The task - An exact restatement of every record is required.

= Beginning of Section =

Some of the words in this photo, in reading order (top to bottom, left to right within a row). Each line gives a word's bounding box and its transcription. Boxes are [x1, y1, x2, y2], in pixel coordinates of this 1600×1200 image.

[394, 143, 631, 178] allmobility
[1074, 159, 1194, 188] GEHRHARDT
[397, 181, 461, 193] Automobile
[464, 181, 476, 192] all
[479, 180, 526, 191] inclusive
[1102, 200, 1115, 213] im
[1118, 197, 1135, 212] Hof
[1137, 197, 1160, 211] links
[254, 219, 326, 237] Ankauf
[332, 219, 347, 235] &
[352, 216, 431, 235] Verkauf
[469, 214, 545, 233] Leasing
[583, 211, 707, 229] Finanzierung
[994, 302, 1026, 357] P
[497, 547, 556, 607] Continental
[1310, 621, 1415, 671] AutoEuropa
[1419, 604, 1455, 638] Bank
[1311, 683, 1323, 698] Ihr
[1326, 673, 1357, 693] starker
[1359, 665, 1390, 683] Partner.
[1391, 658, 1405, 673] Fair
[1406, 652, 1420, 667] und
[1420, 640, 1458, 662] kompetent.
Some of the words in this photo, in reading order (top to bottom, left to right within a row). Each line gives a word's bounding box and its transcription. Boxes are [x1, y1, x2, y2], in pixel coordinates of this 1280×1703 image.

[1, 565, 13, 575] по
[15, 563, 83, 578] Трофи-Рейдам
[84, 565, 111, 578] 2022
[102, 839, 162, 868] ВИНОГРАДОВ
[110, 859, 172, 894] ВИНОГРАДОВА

= End of Section =

Answer box -
Some of the words in this photo, in reading order (top to bottom, left to right within a row). Each line gives a word's bounding box and its transcription. Boxes are [x1, y1, x2, y2], in pixel coordinates of this 1600×1200 image.

[394, 143, 631, 178] allmobility
[1074, 159, 1194, 188] GEHRHARDT
[397, 181, 461, 193] Automobile
[464, 181, 476, 192] all
[479, 180, 526, 191] inclusive
[1102, 200, 1115, 213] im
[1118, 197, 1135, 212] Hof
[1137, 197, 1160, 211] links
[254, 219, 326, 237] Ankauf
[332, 219, 347, 235] &
[352, 216, 431, 235] Verkauf
[469, 214, 545, 233] Leasing
[583, 211, 707, 229] Finanzierung
[994, 302, 1026, 357] P
[497, 547, 556, 607] Continental
[1310, 621, 1415, 671] AutoEuropa
[1419, 604, 1455, 638] Bank
[1311, 683, 1323, 698] Ihr
[1326, 673, 1357, 693] starker
[1359, 665, 1390, 683] Partner.
[1391, 658, 1405, 673] Fair
[1406, 652, 1420, 667] und
[1420, 640, 1458, 662] kompetent.
Some of the words in this photo, in reading order (top to bottom, left to right within a row). Each line gives a word's bounding box and its transcription. Boxes are [x1, y1, x2, y2], in pixel coordinates of this 1280×1703 image.

[1, 565, 13, 575] по
[15, 563, 83, 578] Трофи-Рейдам
[84, 565, 111, 578] 2022
[102, 839, 162, 868] ВИНОГРАДОВ
[110, 859, 172, 894] ВИНОГРАДОВА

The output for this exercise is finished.